27.06.2005

Oncogenic activation in a mouse model for acute promyelocytic leukemia

Dr. Thomas Sternsdorf, The Salk Institute, La Jolla, California, USA


On Monday June 27th, 2005 at 2.15pm, Dr. Thomas Sternsdorf, a former PhD student and research fellow at the HPI, will be our guest HPI-seminar speaker. His is very well known for his pioneering work on the functions and autoantigenicity of components of PML- and related bodies, multiprotein complexes with a distinct nuclear dot-like distribution and with presumed functions in virtually all known physiological processes of cells.
Among the many seminal discoveries Dr. Sternsdorf made range of the identification and functional analysis of posttranslational modification of some PML-components by ubiquitin-like proteins, the elucidation of some aspects of their role in leukemogenesis in unique murine models, as well as the demonstration of the functional modulation of P53 by recruitment into PML-bodies by a specific PML-isoform and the identification of a transcriptional modulator function of the AIRE protein, which has a dominant autoimmunity inducing function leading to autoimmune polyglandular syndrome 1, a devastating human autoimmune disease.
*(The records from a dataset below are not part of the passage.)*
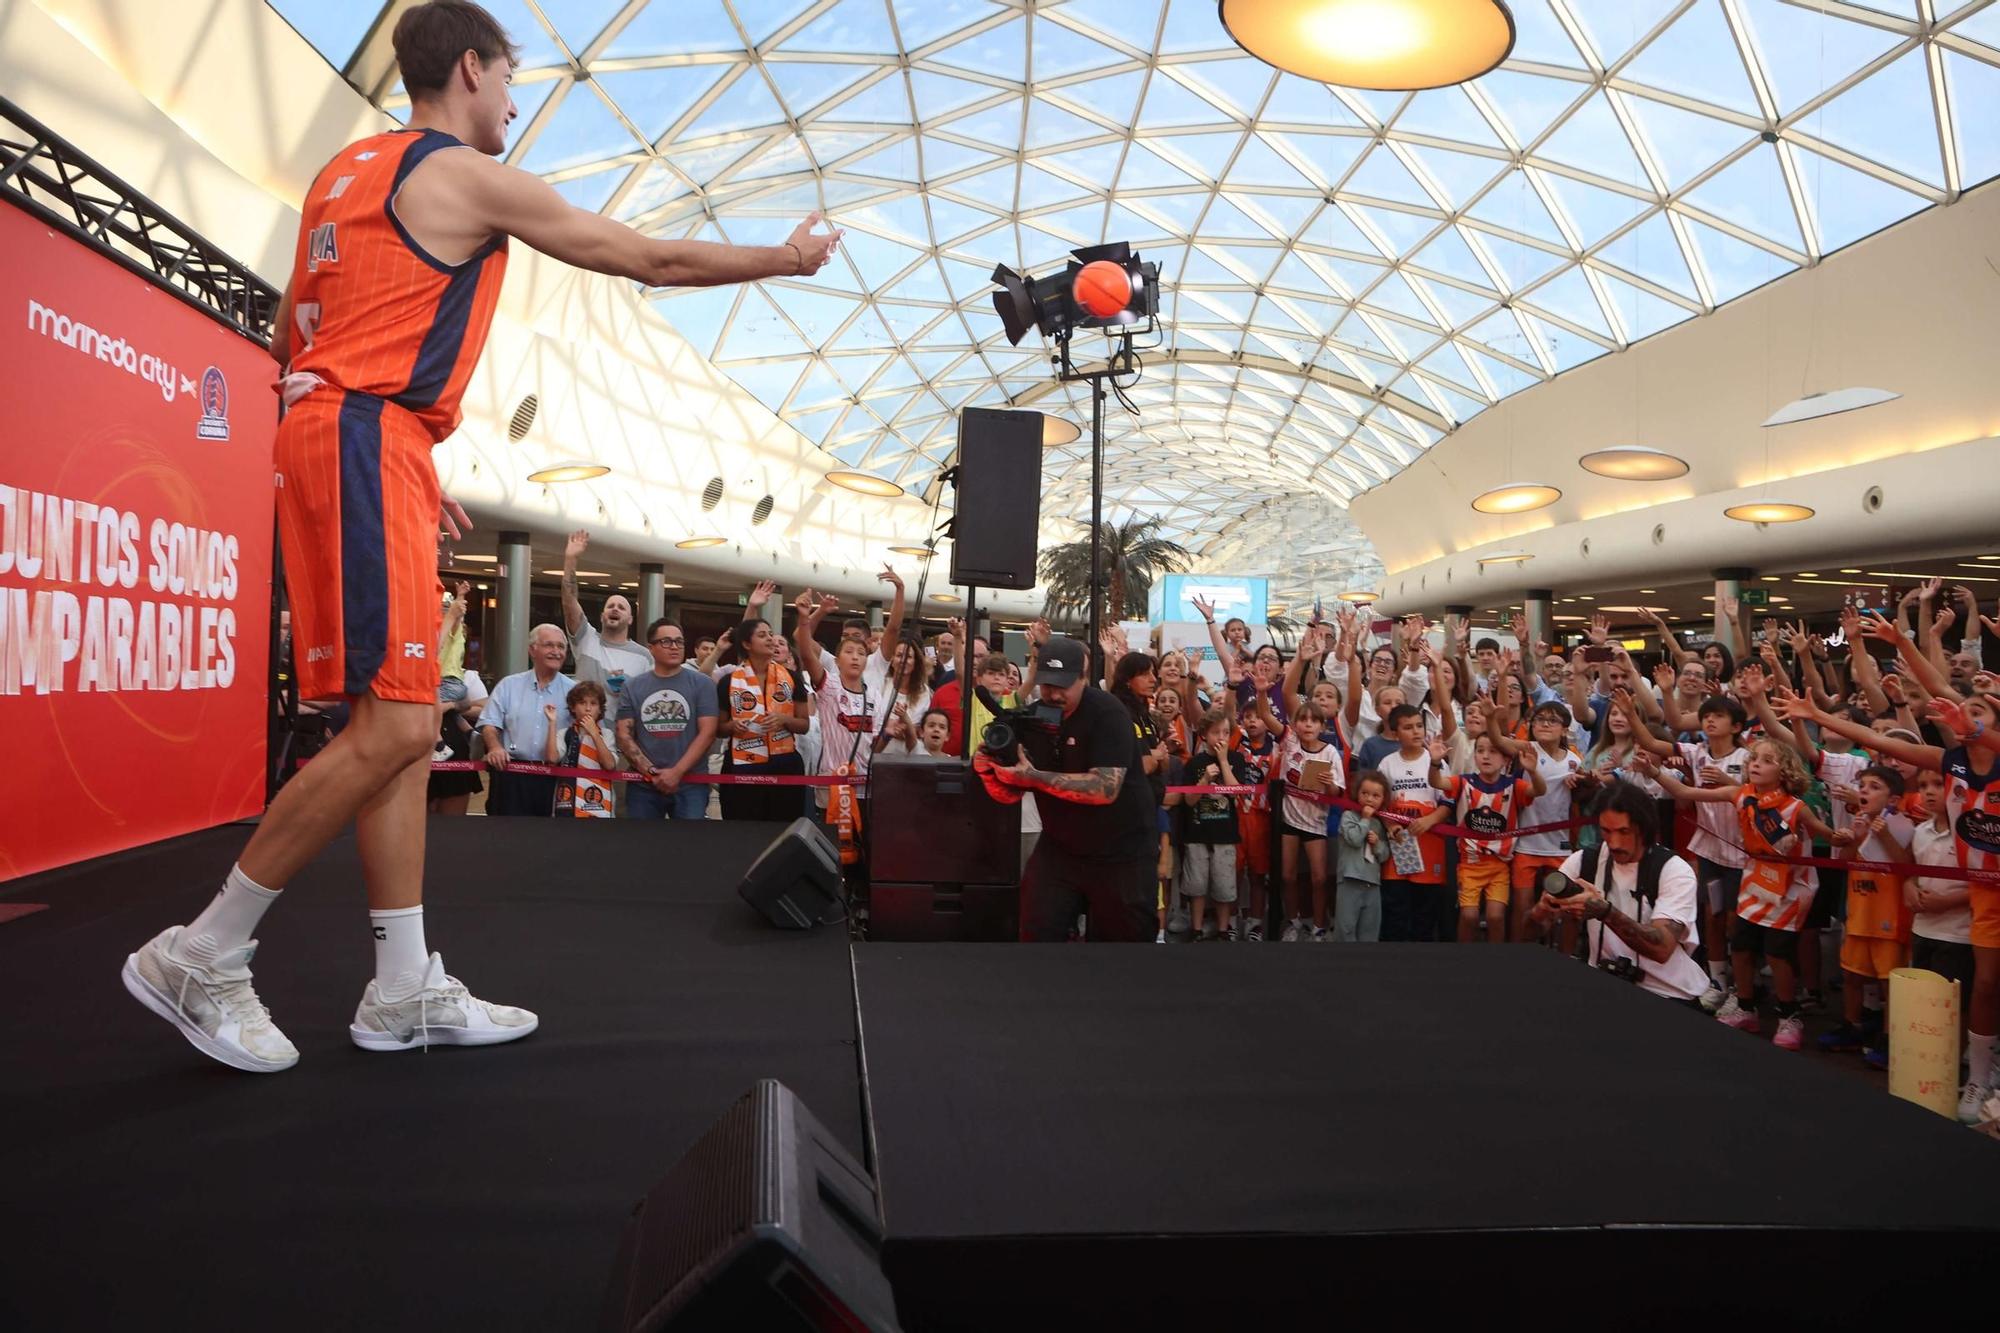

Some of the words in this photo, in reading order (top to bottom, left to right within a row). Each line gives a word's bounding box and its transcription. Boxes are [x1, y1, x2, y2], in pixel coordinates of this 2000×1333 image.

[28, 299, 137, 375] marineda
[139, 353, 176, 402] city
[0, 484, 141, 588] JUNTOS
[149, 518, 239, 601] SOMOS
[0, 587, 237, 696] IMPARABLES
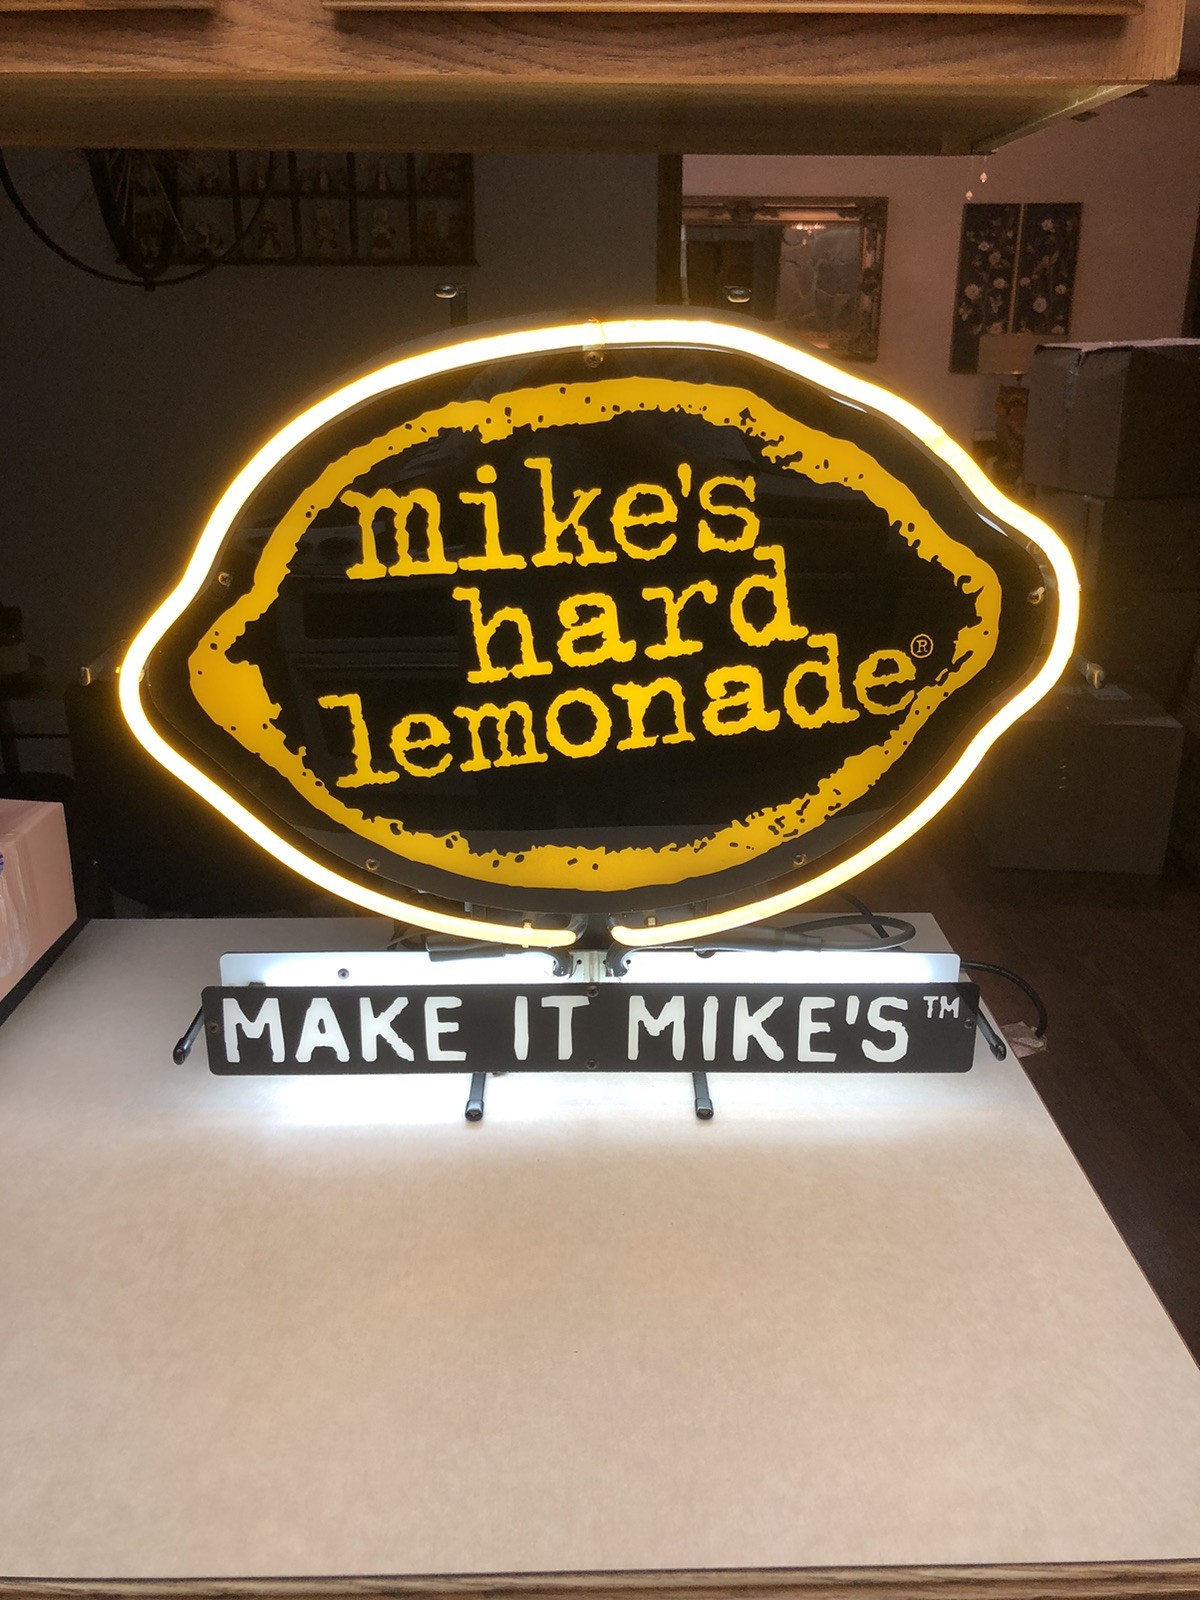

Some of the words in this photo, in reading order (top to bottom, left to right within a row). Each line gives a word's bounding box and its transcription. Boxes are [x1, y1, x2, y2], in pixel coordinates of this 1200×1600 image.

[339, 456, 761, 582] mike's
[451, 544, 810, 684] hard
[222, 996, 467, 1063] MAKE
[513, 995, 590, 1061] IT
Dr. Sternsdorf, is currently a senior scientist at THE SALK Institute, La Jolla, California, USA in the department of Prof. Ron Evans. This laboratory is famous for an incredible number of breakthrough discoveries in the life sciences, for which Dr. Evans was honored in 2004 with the Lasker Award, a strong predictor of future Noble prize winners. Understanding of the molecular genetics of metabolic disease (including arteriosclerosis and diabetes) and cancer (including breast cancer, colon cancer, and leukemia) are major research areas of this laboratory. Establishment of so-called marathon mice resistant to weight gain even in the absence of exercise by modulation of nuclear PPARdelta receptor expression is the most spectacular recent published achievement (for more information on R. Evans Lab see www.salk.edu).

Dr. Sternsdorf´s work is focussed on the understanding of basic mechanisms leading to leukemias. The role of receptors in cell differentiation and cell transformation, a major topic in Evan´s Lab, is of major concern in this research. Dr. Sternsdorf is using retro- and lentiviruses for transduction of hematopoetic stem cells with potentially oncogenic proteins as a tool for induction of acute promyelocytic leukemia. He will present exciting new data obtained with a retroviral-mediated forced protein dimerisation/dissociation approach for activation and switch-off of oncogenic processes.